A large scale study has shown that you are more likely to die if you are taken into hospital at the weekend.
Researchers from University College London, commissioned by the Department of Health, looked at 14.2 million NHS admissions in 2009/10.
Their results shows that patients admitted on a Sunday are 16 per cent more likely to die in the next 30 days than those admitted on a Wednesday.
Patients admitted on a Saturday are 11 per cent more likely to die within the next 30 days.
NHS care is worse on a Saturday and Sunday because senior doctors are often absent and tests are not always available. Most consultants tend to work office hours and at weekends the wards are left in the hands of junior doctors.

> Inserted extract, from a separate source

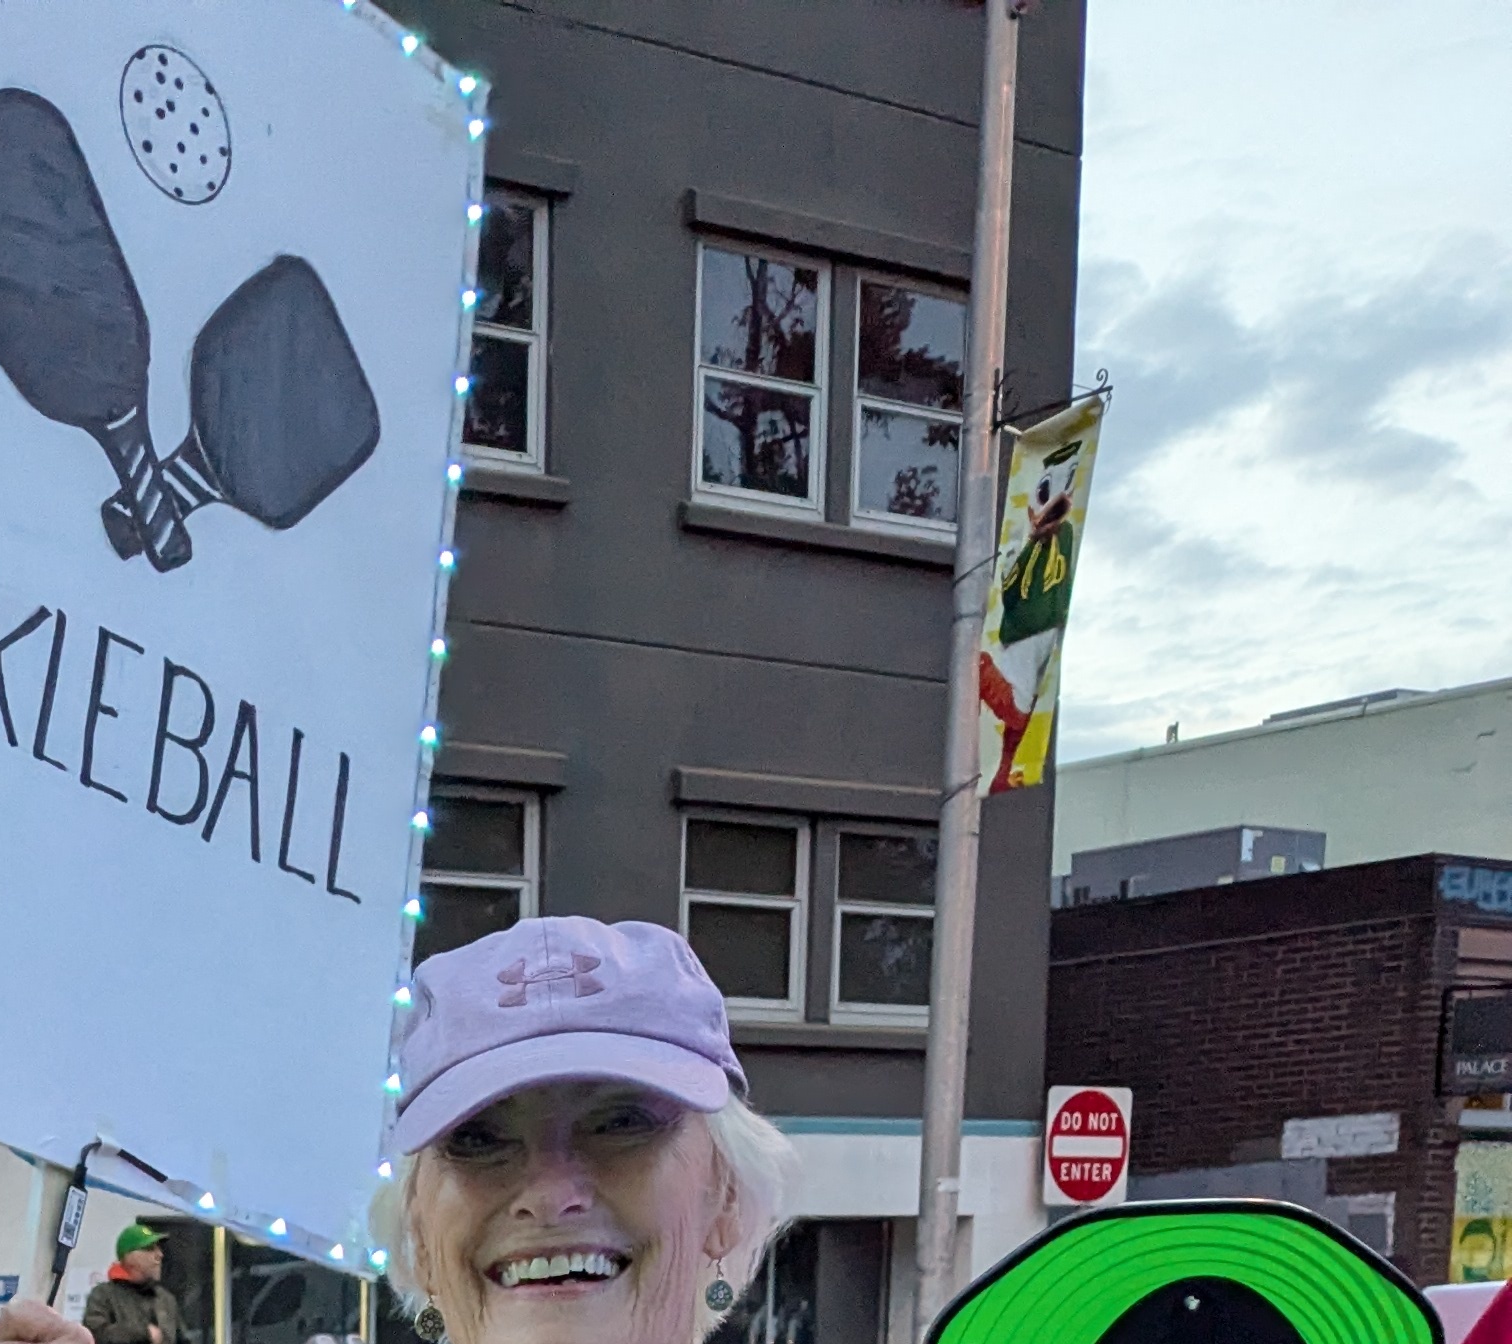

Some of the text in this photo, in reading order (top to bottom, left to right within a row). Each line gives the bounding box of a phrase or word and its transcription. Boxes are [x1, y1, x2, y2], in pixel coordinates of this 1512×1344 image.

[1456, 1059, 1509, 1076] PALACE
[1060, 1111, 1118, 1131] DO NOT
[1060, 1162, 1112, 1182] ENTER

But the researchers warn that patients who go into hospital at weekends tend to be sicker, because of a higher number of road accidents, drink-related injuries and poor out-of-hours GP care. Their health will deteriorate if treatment is delayed.

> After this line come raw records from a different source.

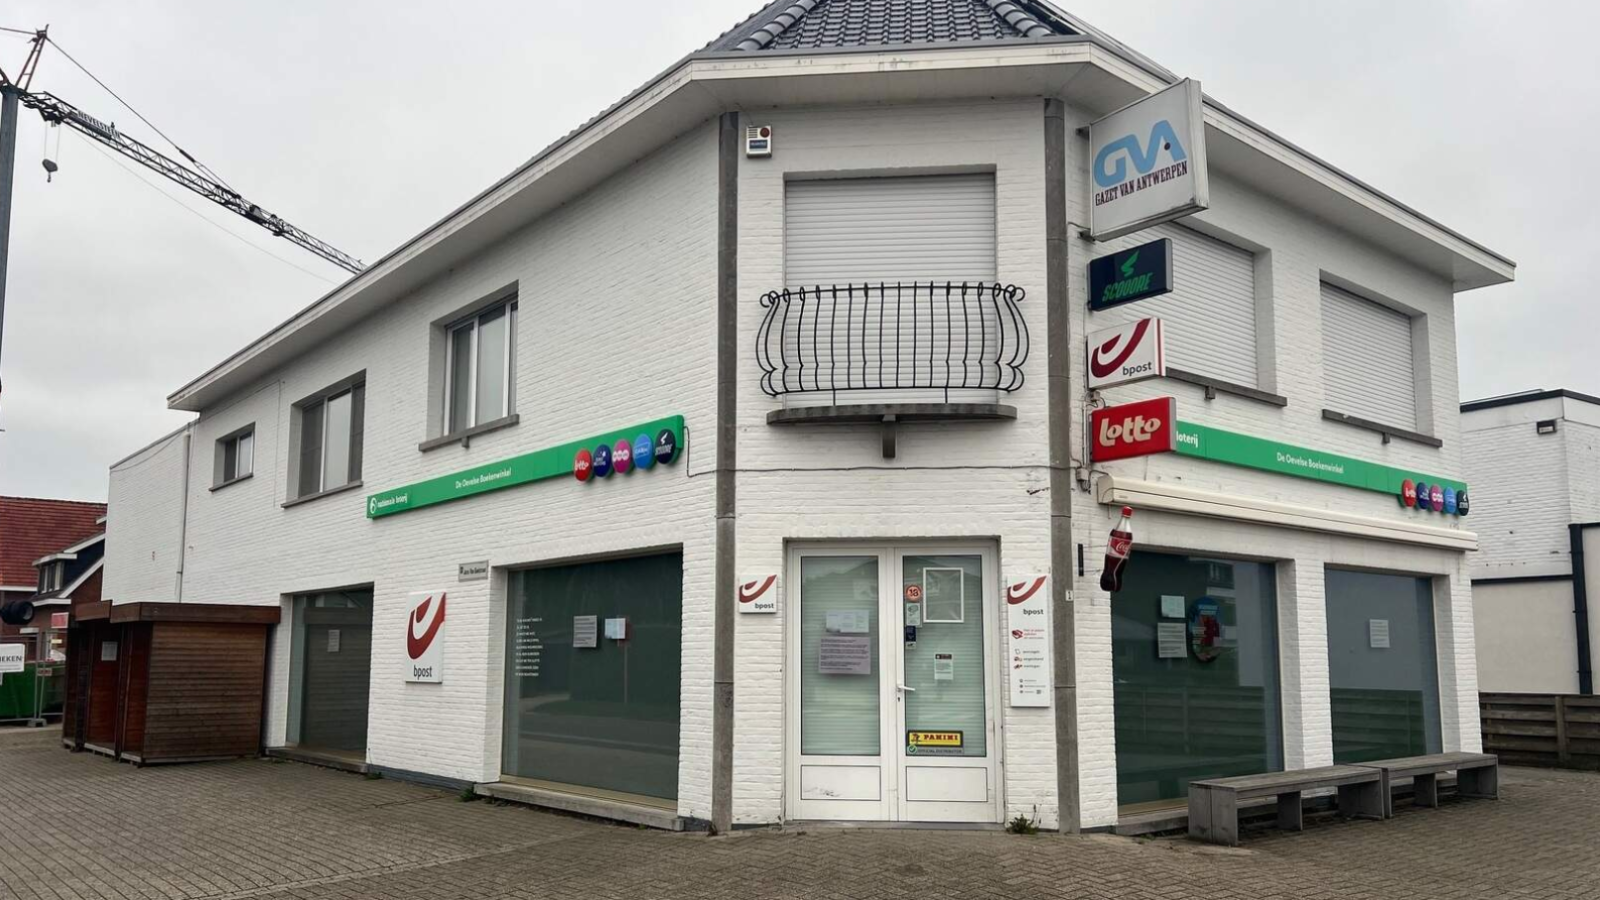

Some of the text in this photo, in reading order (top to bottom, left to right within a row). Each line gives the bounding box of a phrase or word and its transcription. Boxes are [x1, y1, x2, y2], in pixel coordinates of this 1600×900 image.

[1093, 119, 1187, 188] GVA
[1095, 161, 1188, 206] GAZET VAN ANTWERPEN
[1122, 361, 1153, 377] bpost
[1099, 415, 1162, 447] lotto
[1176, 430, 1199, 448] loterij
[1276, 452, 1345, 474] De Oevelse Boekenwinkel
[455, 480, 461, 489] De
[480, 467, 512, 482] Boekenwinkel
[754, 602, 774, 610] bpost
[1023, 608, 1044, 616] bpost
[413, 665, 433, 680] bpost

In November, the Hospital Guide, from Dr Foster Intelligence, found that around one in eight trusts had higher-than-expected death rates at weekends.

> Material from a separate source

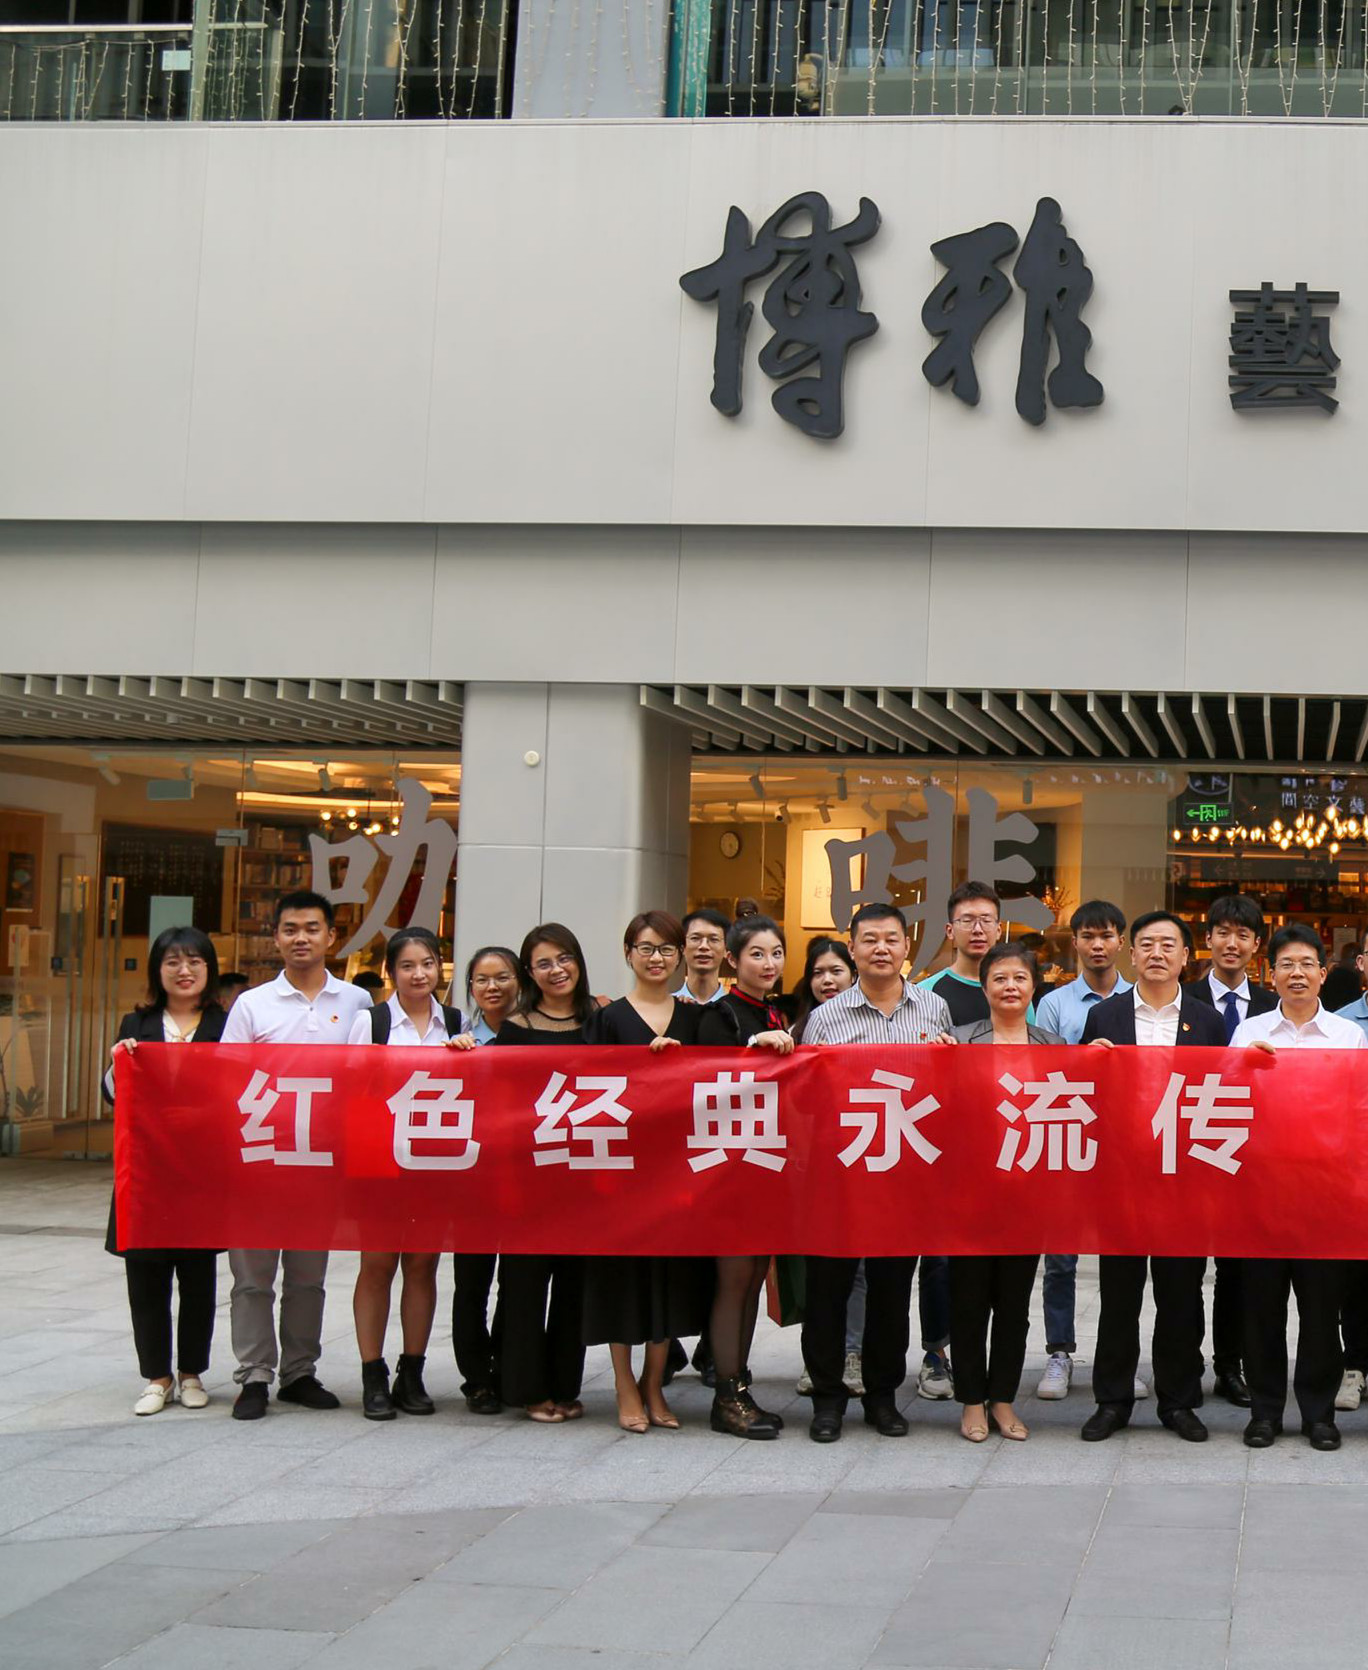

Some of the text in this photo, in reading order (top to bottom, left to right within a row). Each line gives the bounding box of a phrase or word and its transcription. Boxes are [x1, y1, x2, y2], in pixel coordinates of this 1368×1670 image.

[679, 191, 1104, 439] 博雅
[237, 1068, 1254, 1176] 红色经典永流传

Health Secretary Andrew Lansley said: ‘It is unacceptable that patients admitted to hospital on a Saturday or Sunday stay longer and have worse results.
‘Much of the rest of the country continues to be open for the public’s needs at weekends – an NHS that revolves around patients should be the same.'
‘By opening some services seven days a week, more patients will get the care and treatment that they need when they need it. In some parts of the NHS, this is already happening.’